Los vecinos se callaron y dejaron hablar a Lourdes.

Son dos cosas: Una nota escrita para el alcalde, y una propuesta para que os sigáis quejando a gusto. Empiezo por la nota. ¿Alguien que sepa leer bien y que no sea el alcalde?

Sí, yo —se ofreció el aguacil, al tiempo que, se acercaba a Lourdes para recoger la nota.

Isidoro carraspeó un poco para aclarar su voz y comenzó a leer:

Antes de nada: mis disculpas al alcalde por no despedirme ni solicitar la licencia para el puesto.

Soy como la hierba que brota sin pedir permiso: un humilde servidor del 

Universo, no sujeto a las normas de las instituciones creadas por el hombre.

Por una parte, vecinos de Valdevaquerilla, debéis estarle agradecidos a

vuestro alcalde por no haberme desalojado de la plaza. 

De no ser por él, no hubiéseis podido quejaros con el gusto que lo habéis hecho. Así que dejad de 

acusarlo injustamente.

Por otra parte, en vista de la demanda de quejas, os hago una propuesta a través

de Lourdes. Espero que la disfrutéis. 

Un saludo de vuestro humilde servidor: Salvador.

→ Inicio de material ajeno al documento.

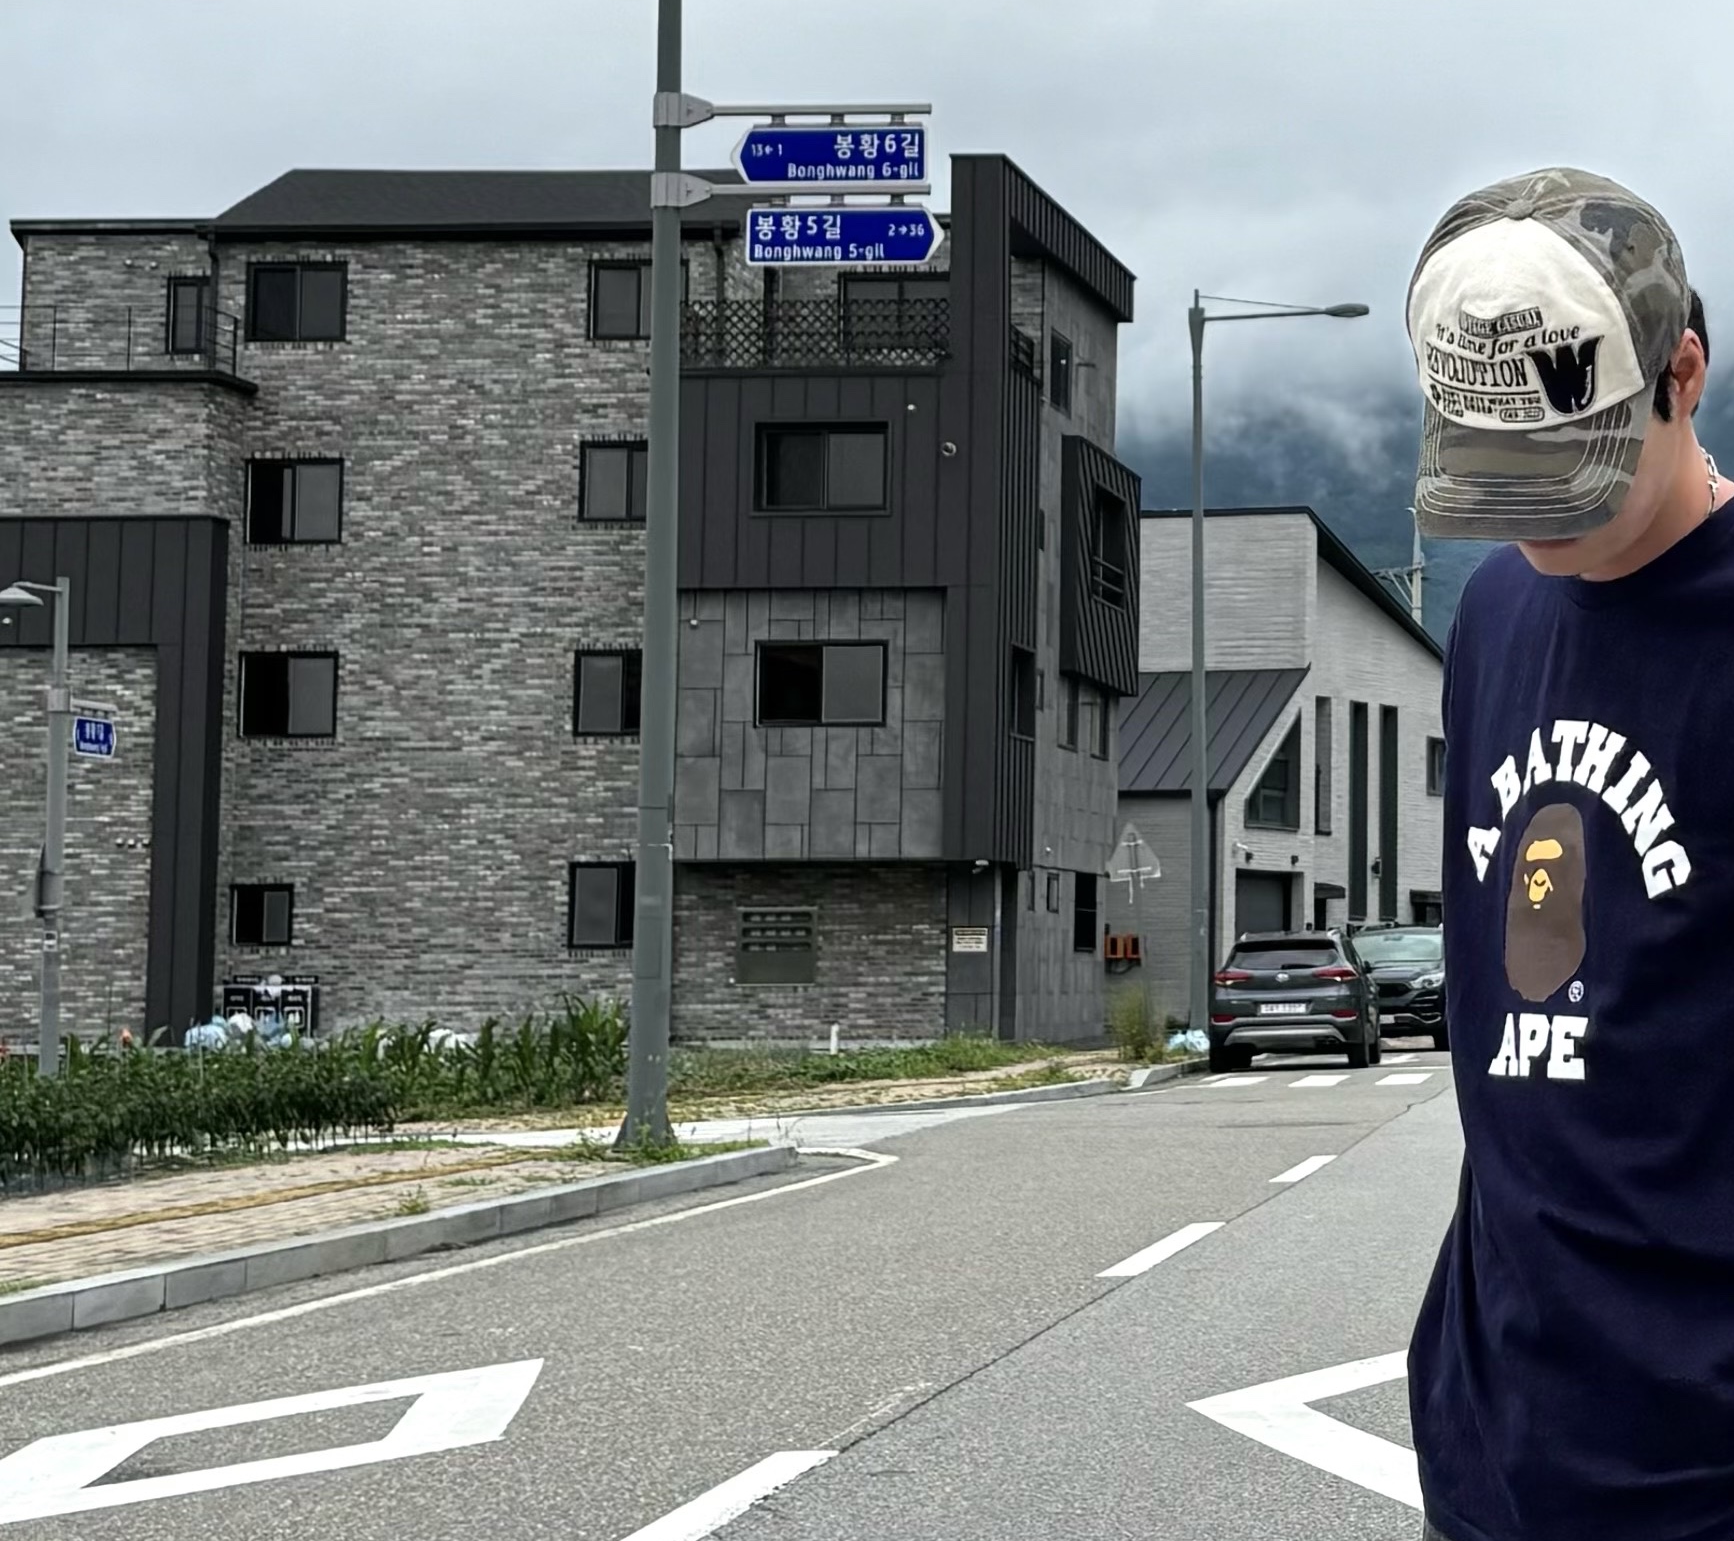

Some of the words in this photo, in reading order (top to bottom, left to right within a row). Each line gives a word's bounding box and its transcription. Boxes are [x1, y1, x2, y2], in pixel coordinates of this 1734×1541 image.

Los vecinos y el alcalde acogieron las palabras de Salvador y se sintieron satisfechos por la explicación, aunque inquietos por lo que Lourdes tenía que decirles a continuación.

Bien, Salvador os ofrece la posibilidad de que vuestras quejas sean escuchadas por los mejores oídos. ¿Estáis dispuestos?

Los vecinos asintieron con la cabeza y esperaron a que siguiese contándoles, pero Lourdes les hizo el ademán de que la siguieran. Así fue como todos en comitiva la siguieron hasta un descampado donde había una tapia. Lourdes se volvió hacia ellos y les dijo:

Aquí es. Ahora, de uno en uno, id detrás del muro y entregad vuestras quejas.

Los vecinos se mostraron entre ansiosos y desconcertados. Querían dar el paso, pero ninguno se atrevía. Después de un tiempo de indecisión, el alcalde sintió que tenía que ser él quien se adelantase, así que les habló a sus vecinos para tener su aprobación. Los vecinos acordaron, por unanimidad, que fuese él quien se acercase primero.

El alcalde respiró hondo y fue tras la tapia. Lo que vio tras ella lo dejó atónito, sin palabras y por supuesto, sin quejas. Detrás del muro había un espléndido burro con una corona de cartón. Tras él, un cartel que rezaba: “Deposite sus quejas ante las mejores orejas. El Universo tomará nota”. Delante del burro había un sillón con una nota en la que se leía: “Siéntase, relájese y quéjese a gusto. Éste es su trono”.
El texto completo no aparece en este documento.